■ Task item
Each entry has to be copied exactly, with nothing missed.

■ Material for the task

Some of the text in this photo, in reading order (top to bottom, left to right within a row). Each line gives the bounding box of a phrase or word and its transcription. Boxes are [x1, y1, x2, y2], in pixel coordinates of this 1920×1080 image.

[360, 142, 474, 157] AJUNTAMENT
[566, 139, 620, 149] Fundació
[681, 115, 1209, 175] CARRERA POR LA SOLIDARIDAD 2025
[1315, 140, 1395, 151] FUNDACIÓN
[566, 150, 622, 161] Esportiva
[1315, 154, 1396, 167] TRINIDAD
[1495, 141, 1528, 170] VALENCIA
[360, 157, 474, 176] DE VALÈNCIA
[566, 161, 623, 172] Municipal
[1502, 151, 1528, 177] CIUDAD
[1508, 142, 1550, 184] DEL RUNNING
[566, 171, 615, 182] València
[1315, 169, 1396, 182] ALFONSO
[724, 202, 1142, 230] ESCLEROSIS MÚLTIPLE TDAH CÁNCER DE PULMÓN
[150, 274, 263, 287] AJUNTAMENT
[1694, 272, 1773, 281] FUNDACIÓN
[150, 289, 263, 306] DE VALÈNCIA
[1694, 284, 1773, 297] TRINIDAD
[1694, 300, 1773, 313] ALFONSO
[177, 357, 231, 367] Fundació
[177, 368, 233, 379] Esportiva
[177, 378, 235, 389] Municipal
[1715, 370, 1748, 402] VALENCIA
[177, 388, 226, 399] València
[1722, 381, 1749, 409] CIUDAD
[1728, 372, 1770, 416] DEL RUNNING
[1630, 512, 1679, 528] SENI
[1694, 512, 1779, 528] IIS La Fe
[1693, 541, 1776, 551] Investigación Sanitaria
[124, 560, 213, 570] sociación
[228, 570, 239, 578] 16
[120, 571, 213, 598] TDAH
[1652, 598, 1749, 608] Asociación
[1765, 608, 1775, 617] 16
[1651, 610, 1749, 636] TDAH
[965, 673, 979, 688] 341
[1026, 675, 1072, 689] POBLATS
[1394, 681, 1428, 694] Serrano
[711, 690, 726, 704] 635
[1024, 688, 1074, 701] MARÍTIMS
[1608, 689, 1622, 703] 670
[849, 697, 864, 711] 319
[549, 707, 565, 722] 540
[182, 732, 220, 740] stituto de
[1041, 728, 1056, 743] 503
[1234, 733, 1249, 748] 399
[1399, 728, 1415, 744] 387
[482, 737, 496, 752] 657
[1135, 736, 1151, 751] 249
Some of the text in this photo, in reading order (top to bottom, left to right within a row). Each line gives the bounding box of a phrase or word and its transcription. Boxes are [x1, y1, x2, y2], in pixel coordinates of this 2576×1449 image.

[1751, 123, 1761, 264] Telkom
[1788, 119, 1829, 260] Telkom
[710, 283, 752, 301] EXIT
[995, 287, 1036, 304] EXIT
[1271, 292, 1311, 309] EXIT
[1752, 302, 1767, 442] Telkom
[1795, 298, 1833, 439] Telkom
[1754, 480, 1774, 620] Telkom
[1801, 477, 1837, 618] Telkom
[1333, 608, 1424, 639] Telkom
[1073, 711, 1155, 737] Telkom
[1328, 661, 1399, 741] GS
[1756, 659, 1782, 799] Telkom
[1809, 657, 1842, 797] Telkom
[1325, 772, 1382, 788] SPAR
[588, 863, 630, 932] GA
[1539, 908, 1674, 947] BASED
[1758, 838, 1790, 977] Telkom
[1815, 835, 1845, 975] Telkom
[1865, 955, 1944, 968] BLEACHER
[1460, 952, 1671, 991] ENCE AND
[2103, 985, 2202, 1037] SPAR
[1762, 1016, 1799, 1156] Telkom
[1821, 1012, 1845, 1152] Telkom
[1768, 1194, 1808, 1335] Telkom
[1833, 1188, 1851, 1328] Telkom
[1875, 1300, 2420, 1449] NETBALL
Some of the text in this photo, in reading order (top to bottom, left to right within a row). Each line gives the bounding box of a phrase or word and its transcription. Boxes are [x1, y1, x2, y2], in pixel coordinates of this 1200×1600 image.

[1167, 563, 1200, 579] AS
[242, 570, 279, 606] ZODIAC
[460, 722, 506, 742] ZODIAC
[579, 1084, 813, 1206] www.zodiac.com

■ Output for this task
Some of the text in this photo, in reading order (top to bottom, left to right within a row). Each line gives the bounding box of a phrase or word and its transcription. Boxes are [x1, y1, x2, y2], in pixel coordinates of this 1920×1080 image.

[360, 142, 474, 157] AJUNTAMENT
[566, 139, 620, 149] Fundació
[681, 115, 1209, 175] CARRERA POR LA SOLIDARIDAD 2025
[1315, 140, 1395, 151] FUNDACIÓN
[566, 150, 622, 161] Esportiva
[1315, 154, 1396, 167] TRINIDAD
[1495, 141, 1528, 170] VALENCIA
[360, 157, 474, 176] DE VALÈNCIA
[566, 161, 623, 172] Municipal
[1502, 151, 1528, 177] CIUDAD
[1508, 142, 1550, 184] DEL RUNNING
[566, 171, 615, 182] València
[1315, 169, 1396, 182] ALFONSO
[724, 202, 1142, 230] ESCLEROSIS MÚLTIPLE TDAH CÁNCER DE PULMÓN
[150, 274, 263, 287] AJUNTAMENT
[1694, 272, 1773, 281] FUNDACIÓN
[150, 289, 263, 306] DE VALÈNCIA
[1694, 284, 1773, 297] TRINIDAD
[1694, 300, 1773, 313] ALFONSO
[177, 357, 231, 367] Fundació
[177, 368, 233, 379] Esportiva
[177, 378, 235, 389] Municipal
[1715, 370, 1748, 402] VALENCIA
[177, 388, 226, 399] València
[1722, 381, 1749, 409] CIUDAD
[1728, 372, 1770, 416] DEL RUNNING
[1630, 512, 1679, 528] SENI
[1694, 512, 1779, 528] IIS La Fe
[1693, 541, 1776, 551] Investigación Sanitaria
[124, 560, 213, 570] sociación
[228, 570, 239, 578] 16
[120, 571, 213, 598] TDAH
[1652, 598, 1749, 608] Asociación
[1765, 608, 1775, 617] 16
[1651, 610, 1749, 636] TDAH
[965, 673, 979, 688] 341
[1026, 675, 1072, 689] POBLATS
[1394, 681, 1428, 694] Serrano
[711, 690, 726, 704] 635
[1024, 688, 1074, 701] MARÍTIMS
[1608, 689, 1622, 703] 670
[849, 697, 864, 711] 319
[549, 707, 565, 722] 540
[182, 732, 220, 740] stituto de
[1041, 728, 1056, 743] 503
[1234, 733, 1249, 748] 399
[1399, 728, 1415, 744] 387
[482, 737, 496, 752] 657
[1135, 736, 1151, 751] 249
Some of the text in this photo, in reading order (top to bottom, left to right within a row). Each line gives the bounding box of a phrase or word and its transcription. Boxes are [x1, y1, x2, y2], in pixel coordinates of this 2576×1449 image.

[1751, 123, 1761, 264] Telkom
[1788, 119, 1829, 260] Telkom
[710, 283, 752, 301] EXIT
[995, 287, 1036, 304] EXIT
[1271, 292, 1311, 309] EXIT
[1752, 302, 1767, 442] Telkom
[1795, 298, 1833, 439] Telkom
[1754, 480, 1774, 620] Telkom
[1801, 477, 1837, 618] Telkom
[1333, 608, 1424, 639] Telkom
[1073, 711, 1155, 737] Telkom
[1328, 661, 1399, 741] GS
[1756, 659, 1782, 799] Telkom
[1809, 657, 1842, 797] Telkom
[1325, 772, 1382, 788] SPAR
[588, 863, 630, 932] GA
[1539, 908, 1674, 947] BASED
[1758, 838, 1790, 977] Telkom
[1815, 835, 1845, 975] Telkom
[1865, 955, 1944, 968] BLEACHER
[1460, 952, 1671, 991] ENCE AND
[2103, 985, 2202, 1037] SPAR
[1762, 1016, 1799, 1156] Telkom
[1821, 1012, 1845, 1152] Telkom
[1768, 1194, 1808, 1335] Telkom
[1833, 1188, 1851, 1328] Telkom
[1875, 1300, 2420, 1449] NETBALL
Some of the text in this photo, in reading order (top to bottom, left to right within a row). Each line gives the bounding box of a phrase or word and its transcription. Boxes are [x1, y1, x2, y2], in pixel coordinates of this 1200×1600 image.

[1167, 563, 1200, 579] AS
[242, 570, 279, 606] ZODIAC
[460, 722, 506, 742] ZODIAC
[579, 1084, 813, 1206] www.zodiac.com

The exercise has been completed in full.